From the caves, we drove on to Rockhampton and visited their botanical garden. For a medium sized city, it’s quite impressive with trees and plants from all over the world. One particular tree caught my eye. It’s called a sausage tree ,Kigelia africana, which is native to Africa. In much the same way that Mackay is ‘sugar city’ and Hervey Bay is ‘whale city’, Rockhampton is ‘beef capital’. You’ll see statues of stud bulls all over the place. So, of course, my first thought when I saw this hanging fruit was a pair of testicles.

A pair of sausages.

Dinner that night was at the Rockhampton Leagues Club. But I told you about that in the previous post – chicken parmigiana done with avocado instead of tomato.
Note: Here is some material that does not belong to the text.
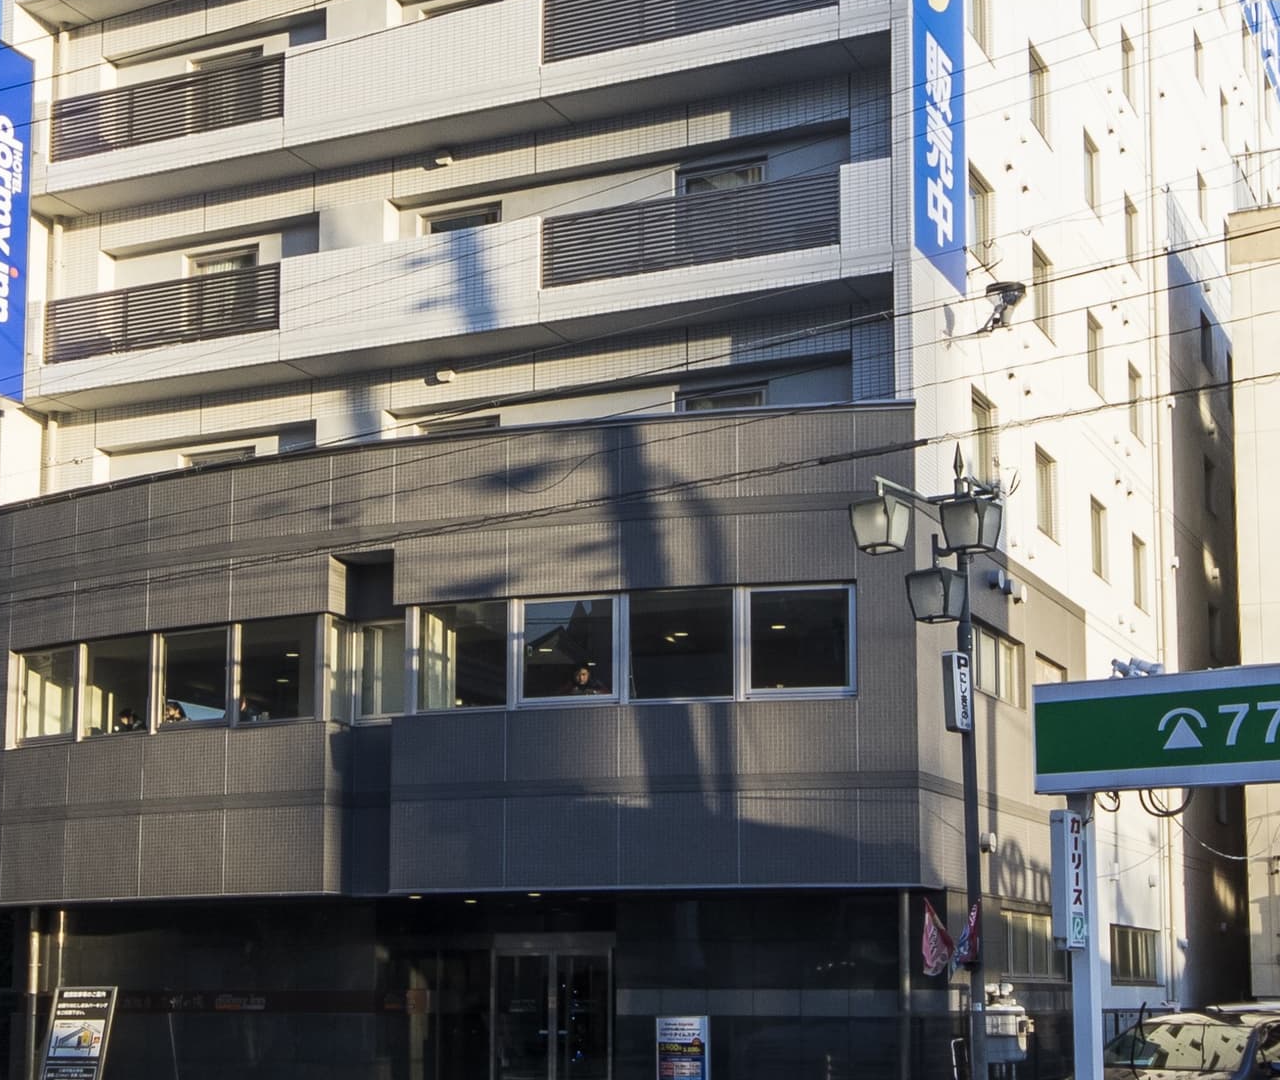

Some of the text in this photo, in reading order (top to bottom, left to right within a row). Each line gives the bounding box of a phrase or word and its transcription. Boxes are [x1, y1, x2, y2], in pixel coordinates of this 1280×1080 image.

[1070, 817, 1083, 905] カーリース
Very nice.

We went home the next day, a little concerned about the flooding and the European war. Friends called to warn us to pick up some essentials like bread, milk, and veg before we reached town. Supply to Hervey Bay had been cut because the access roads were flooded. We already knew our house was fine. Not much of Hervey Bay floods from rain events – we don’t have a river. It needs a cyclone to stir the bay up enough to flood the streets near the sea and that didn’t happen. But a lot of people around Brisbane and now Sydney are not so fortunate. They’ll be in for one hell of a job as the water recedes. Once again, people are volunteering for the ‘mud army’, ready to go and help victims clean up the mess. It’s heart-warming to see.

And now we’re home and legendary wicket keeper, Rod Marsh, has died at 74. He was a favourite of mine in the World Series Cricket days of the seventies. Apart from his cricketing prowess, in 1983 Marsh is said to have broken Doug Walters’ 44-can beer-drinking record on a flight to London, with reports suggesting he was wheeled through customs on a baggage trolley. It was a different game in those days.

Just a day later we heard of the death of Shane Warne, legendary spin bowler. He also died of a heart attack, at only 52. Shane Warne was a brilliant bowler, playing a huge part in the dominance of the Australia test team in the nineties. Pete and I were in attendance at the Boxing Day test match at the MCG in 2006 when he took his 700th wicket.

Not bad, is it? Record-breaking floods, World War III, and the deaths of two much-loved sporting personality and it’s only a couple of days into March.

I wonder what else 2022 has waiting in the wings?